=== Section Start ===

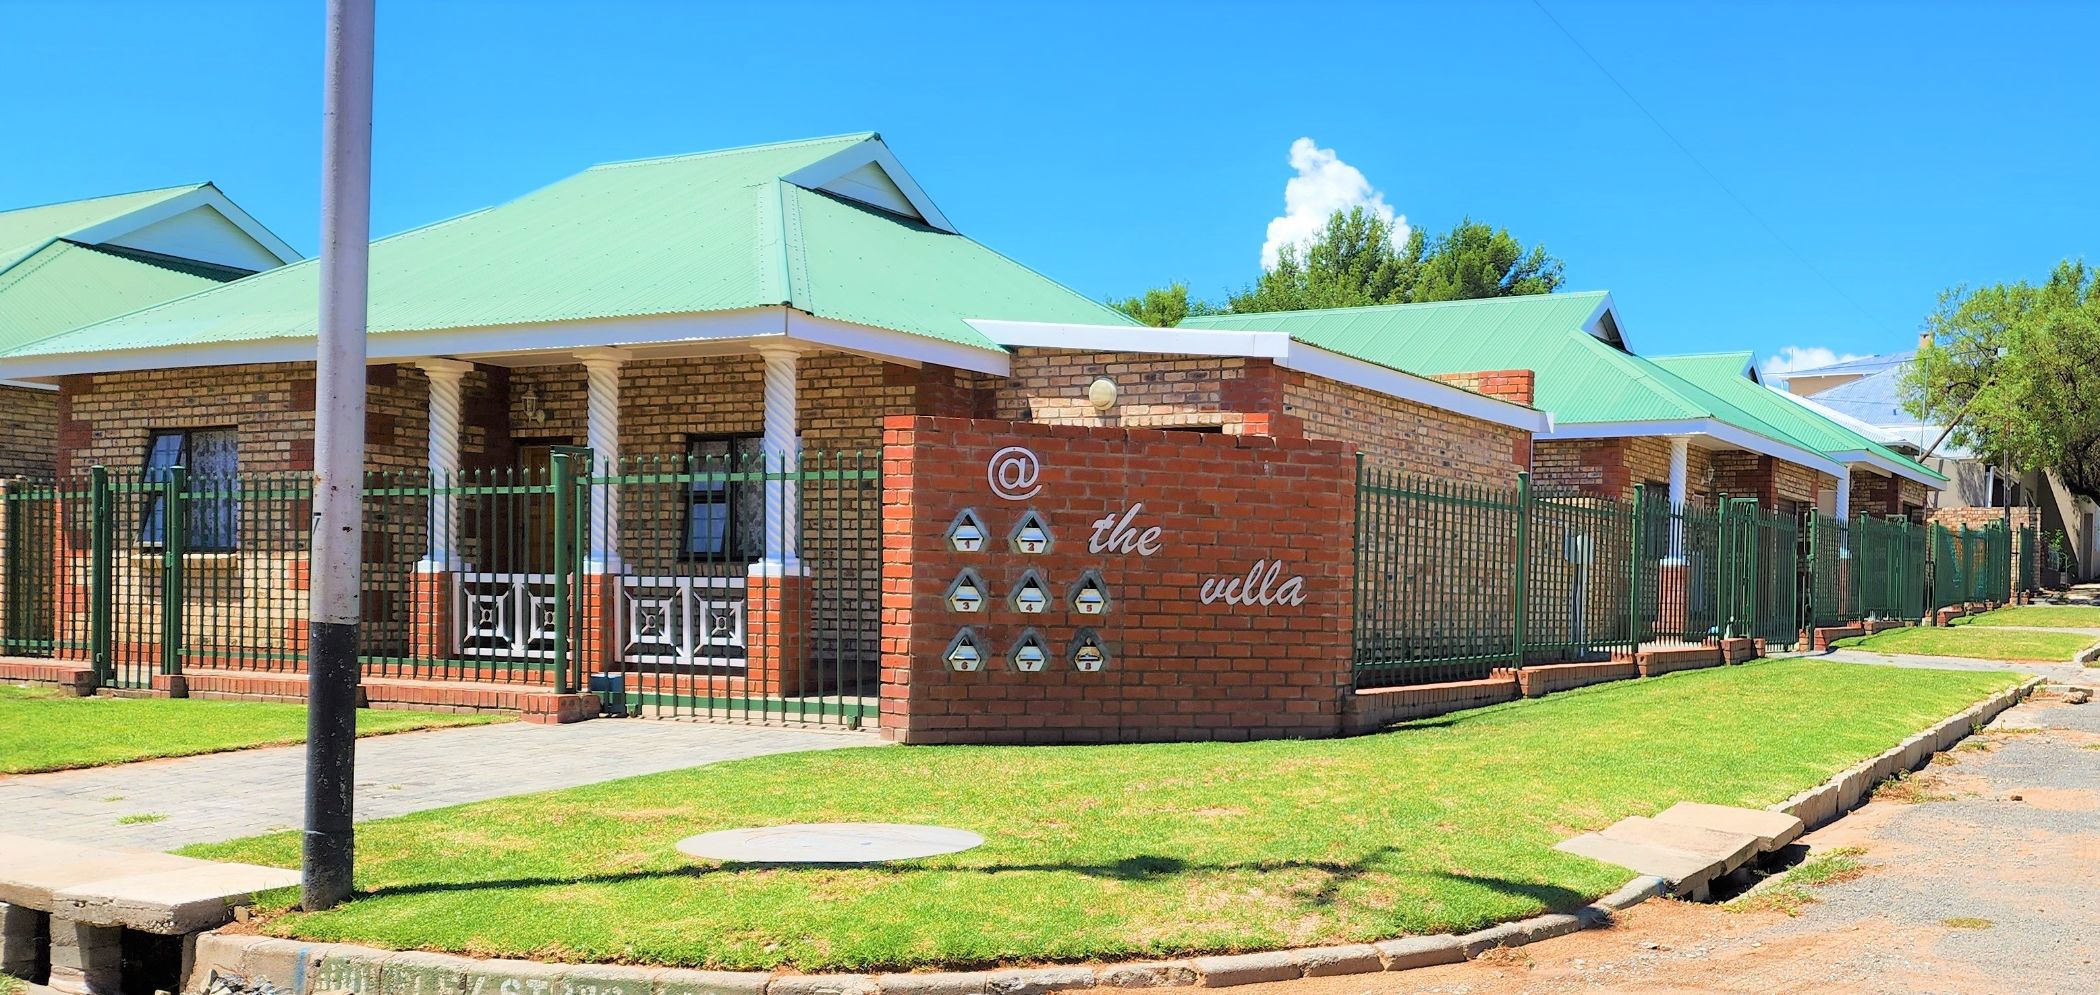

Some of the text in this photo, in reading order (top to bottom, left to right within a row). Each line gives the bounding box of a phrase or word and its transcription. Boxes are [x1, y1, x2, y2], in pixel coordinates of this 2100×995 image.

[988, 446, 1042, 501] @
[1088, 502, 1162, 556] the
[964, 541, 971, 549] 1
[1028, 543, 1035, 551] 2
[1199, 559, 1308, 607] villa
[962, 602, 970, 610] 3
[1026, 604, 1033, 612] 4
[961, 662, 968, 670] 6
[1026, 662, 1033, 670] 7
[1084, 662, 1092, 670] 8

=== Section End ===

_Work instruction:_ Please produce an exact copy of all the material, leaving out the pictures.

_Answer below:_
Some of the text in this photo, in reading order (top to bottom, left to right within a row). Each line gives the bounding box of a phrase or word and its transcription. Boxes are [x1, y1, x2, y2], in pixel coordinates of this 2100×995 image.

[988, 446, 1042, 501] @
[1088, 502, 1162, 556] the
[964, 541, 971, 549] 1
[1028, 543, 1035, 551] 2
[1199, 559, 1308, 607] villa
[962, 602, 970, 610] 3
[1026, 604, 1033, 612] 4
[961, 662, 968, 670] 6
[1026, 662, 1033, 670] 7
[1084, 662, 1092, 670] 8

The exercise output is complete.